On a passé 7 jours à Budapest pour le Sziget Festival | LIVE REPORT
Bienvenue en pays Magyar*, au mythique Sziget Festival qui sévit depuis déjà trente ans. Pour cette édition 2024, on a voulu vivre l’expérience au maximum en étant là lors des 6 jours de l’événement. Tentative de résumé d’une semaine dans l’un des plus gros festivals d’Europe.
*(oui, comme la race du dragon qu’affronte Harry P. dans La Coupe de Feu)
Bon. On ne va pas vous mentir : le Sziget est un très gros morceau. Ça dure 6 jours, il y a cinq scènes principales et bien 25 scènes annexes, forcément plus petites. L’événement rameute au moins 60 000 personnes par jour -et encore, on parle ici des moins grosses affluences, ça monte jusqu’à 110.000 personnes/jour. Toutes les musiques, une ambiance de gigantesque kermesse… avec cette constante impression d’être, pendant une semaine, dans une bulle de gauche et (en grande partie) queer, au sein d’un pays passé à l’extrême-droite sous le joug de Viktor Orban.
Organisation carrée, visée internationale
« Sziget » ça veut dire « l’île » : efficace. Pour se rendre à l’événement, en tram/métro c’est environ 15 minutes depuis le centre-ville, en bateau sur le Danube c’est 25 minutes. Sur place, le site est immense -il faut parfois des kilomètres pour traverser l’endroit- et malgré l’immense fréquentation (a minima 60.000 festivaliers par jour) on n’a jamais la sensation de se marcher dessus ou d’être oppressé. Une file d’attente pour boire, manger ou passer aux toilettes ? Très rare au Sziget -à part pour quelques concerts sur la grande scène.

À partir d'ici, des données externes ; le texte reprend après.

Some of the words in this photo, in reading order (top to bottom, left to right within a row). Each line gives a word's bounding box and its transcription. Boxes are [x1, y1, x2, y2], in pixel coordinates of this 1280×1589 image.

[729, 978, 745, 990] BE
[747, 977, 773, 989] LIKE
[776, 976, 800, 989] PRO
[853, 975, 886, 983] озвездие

Au-delà des transports, le festival sait s’occuper de ses hôtes. Des pelletées de stands sont là pour discuter santé mais aussi bien-être psychologique. Chaleur suffocante dans l’après-midi ? Une camionnette-brumisateur fait le tour du site, ainsi qu’un camion avec des tuyaux d’eau/lances à incendie. Magnifique. Bon point également, parmi la pléiade de campings dispo sur place : le XS camping, avec ses accès 100% PMR (douches PMR, facilités pour les fauteuils). Un modèle que les organisateurs aimeraient exporter.
Patates de forints
En revanche, une chose est claire ici : le public visé est international, pas local. Il n’y a qu’à voir les prix qui sont pratiqués pour la nourriture et les boissons. Vous débourserez un peu moins de 5 euros pour une pinte de bière classique ; jusqu’à 19€ pour un menu burger-frites-boisson soft. Si bien qu’on a vu s’installer des stands ‘low budget’, où on pouvait manger des mac’n’cheese-nuggets pour environ 6-7€.

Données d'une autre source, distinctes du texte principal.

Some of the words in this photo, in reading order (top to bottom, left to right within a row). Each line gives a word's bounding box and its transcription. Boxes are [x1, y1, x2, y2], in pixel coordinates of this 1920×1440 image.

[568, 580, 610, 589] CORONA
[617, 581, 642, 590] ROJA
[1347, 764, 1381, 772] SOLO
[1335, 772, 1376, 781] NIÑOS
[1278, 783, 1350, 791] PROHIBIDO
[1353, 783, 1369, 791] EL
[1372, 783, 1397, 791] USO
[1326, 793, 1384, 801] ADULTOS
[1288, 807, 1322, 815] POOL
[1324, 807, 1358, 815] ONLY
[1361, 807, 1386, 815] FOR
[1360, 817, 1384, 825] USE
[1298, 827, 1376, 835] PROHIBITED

Quand on sait que le SMIC local est l’un des plus faibles d’Europe (161.000 forints, soit 487€ par mois) ça pique. Même chose pour les billets d’entrée (99€ la journée, 289€ les 3 jours, 339€ les 6jours), complètement hors-de-prix pour la majorité des hongrois.
La scène Colosseum, ‘Busò’ protecteur
Au Sziget, on trouve de très -très très- nombreux styles de musiques, du metalcore à la dub en passant par la k-pop. Mais ce qui nous a bien sûr intéressé pendant 6 jours, c’est la scène électronique : le Colosseum. Agencée en cercle et faite de palette, elle est surplombée par la grande tête d’un colosse (photo ci-dessous) qui ressemble étrangement aux monstres locaux, les Busò de la ville de Mohács.

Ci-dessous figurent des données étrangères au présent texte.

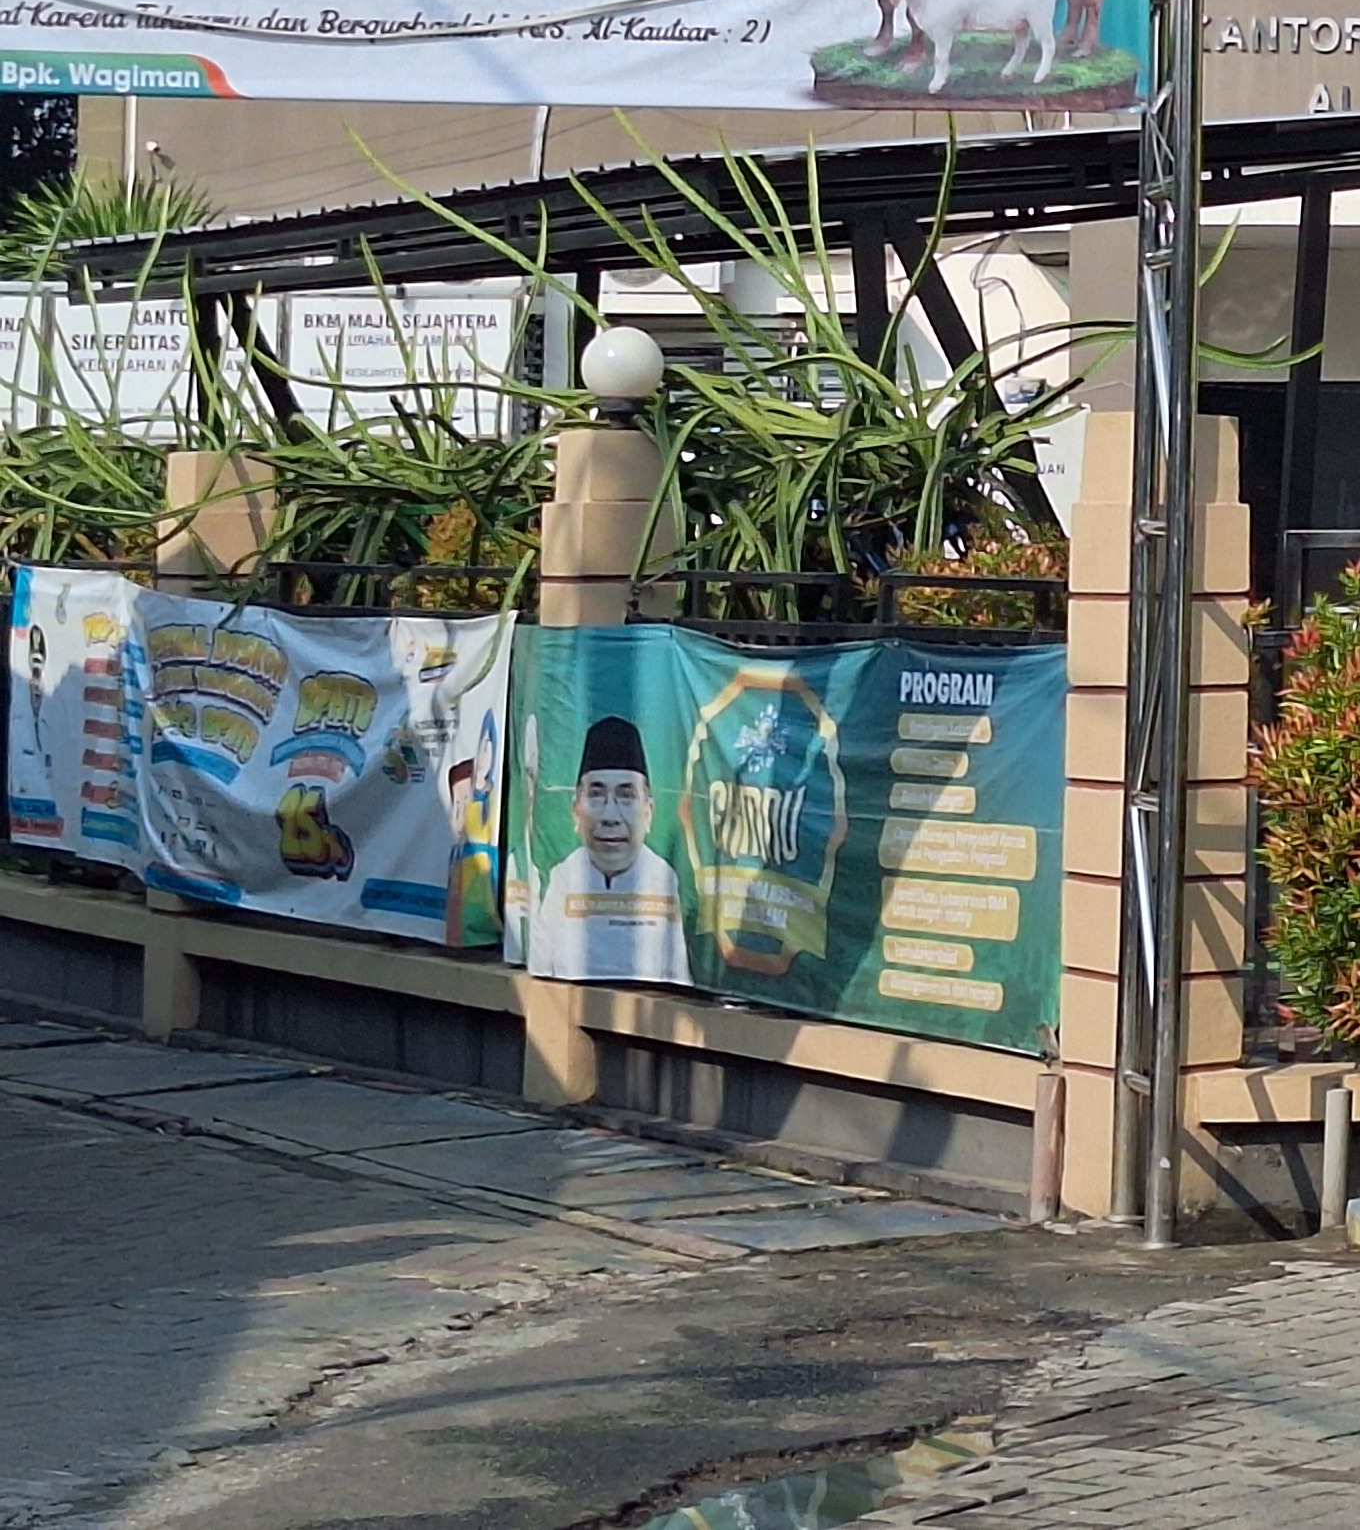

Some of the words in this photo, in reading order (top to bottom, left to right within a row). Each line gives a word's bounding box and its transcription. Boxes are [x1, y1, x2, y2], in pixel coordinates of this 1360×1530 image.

[30, 0, 129, 30] Karena
[257, 7, 310, 32] dan
[582, 15, 720, 43] Al-Kautsar
[2, 61, 60, 90] Bpk.
[69, 63, 200, 93] Wagiman
[303, 313, 341, 329] BKM
[900, 670, 994, 706] PROGRAM
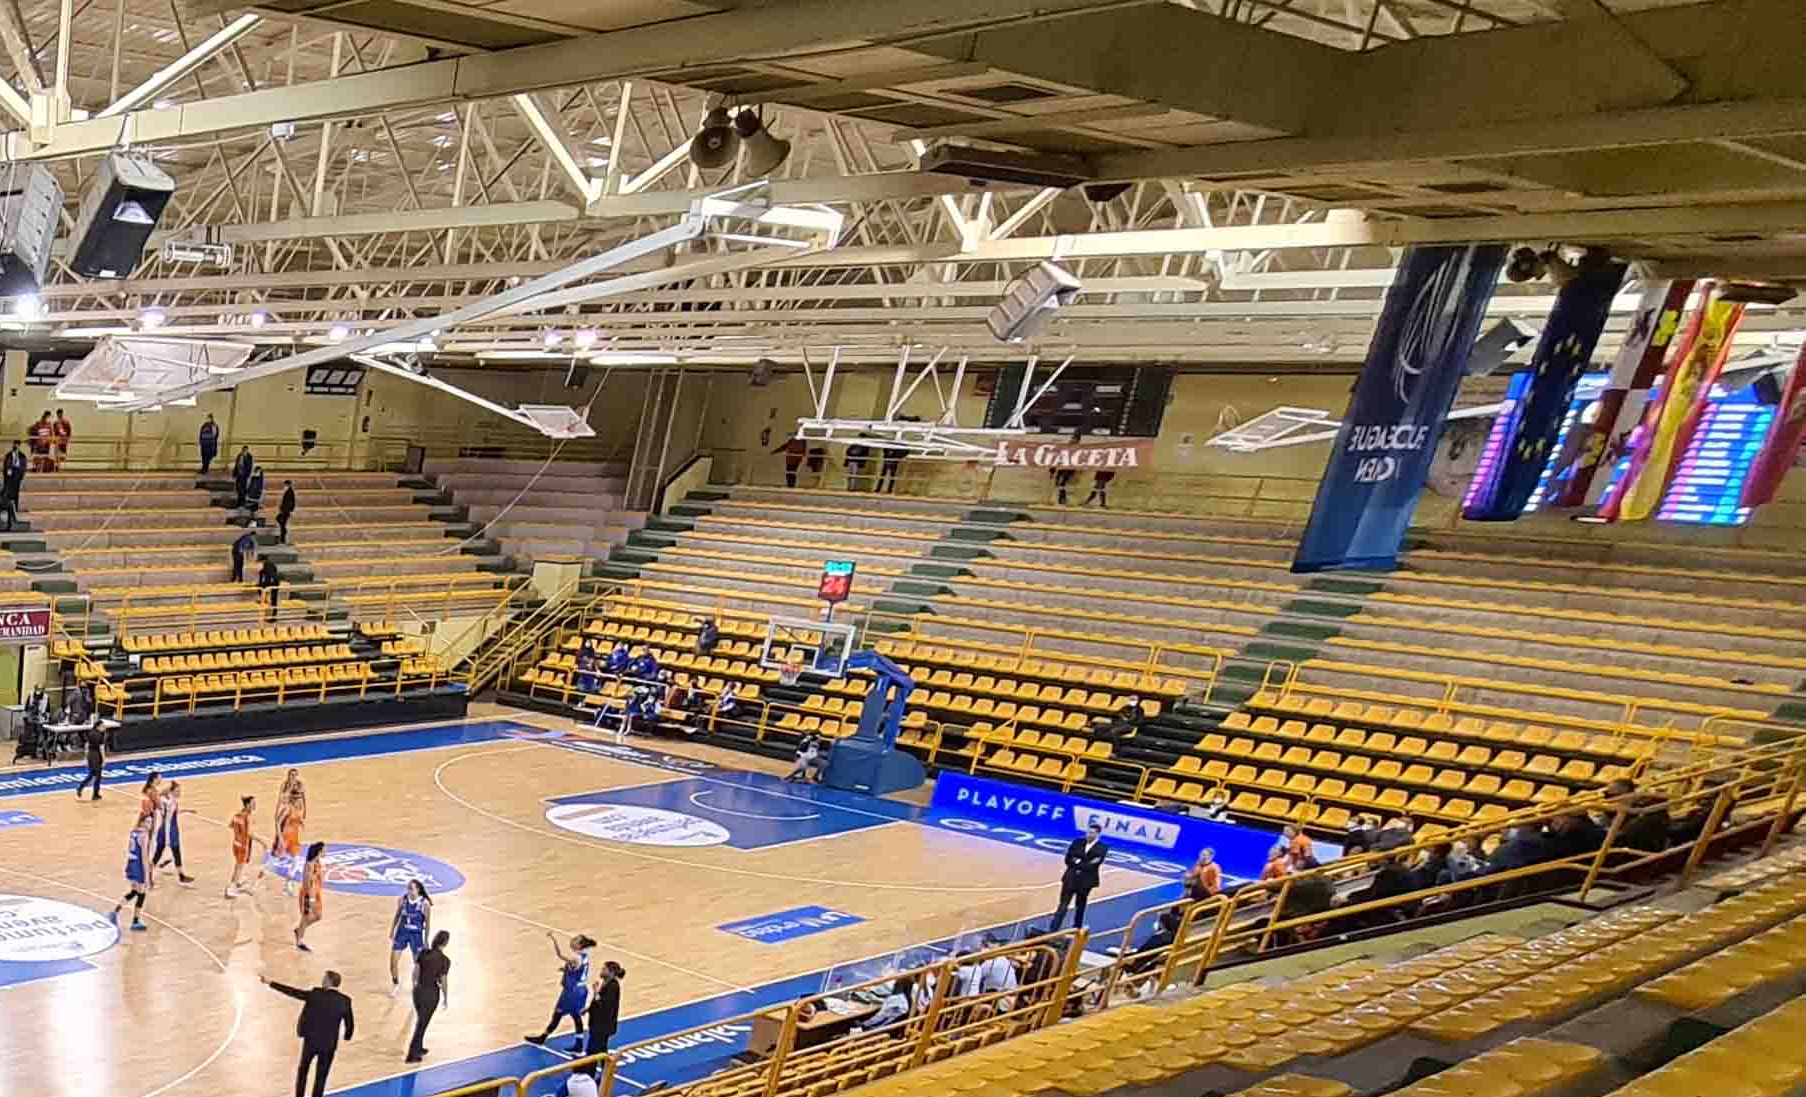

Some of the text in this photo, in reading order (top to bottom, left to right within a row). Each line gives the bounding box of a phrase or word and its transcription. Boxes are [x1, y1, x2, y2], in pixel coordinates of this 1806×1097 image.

[1033, 444, 1139, 467] GACETA
[956, 787, 1170, 843] PLAYOFF FINAL

Le Colosseum aura souvent été un refuge pour nous, dans les moments de creux où pour relancer nos fins de soirées. On y aura vu le duo d’Allemandes basées en Espagne Parkerstrange, Supergloss mais aussi la locomotive hollandaise Ki/Ki, qui a prouvé une nouvelle fois que « la techno ne mourra jamais ». Quelques patrons et patronnes avec Richie Hawtin, Len Faki, Sven Vath (décidément, toujours des Allemands) ou encore Honey Dijon ! L’Américaine semble partager la même passion pour la house-disco gavée de voix soul avec la Française Chloé Caillet, qui a livré un set assez impressionnant de technique. Un autre français s’est illustré : NTO, donnant un set fougueux plein de mélodies prenantes.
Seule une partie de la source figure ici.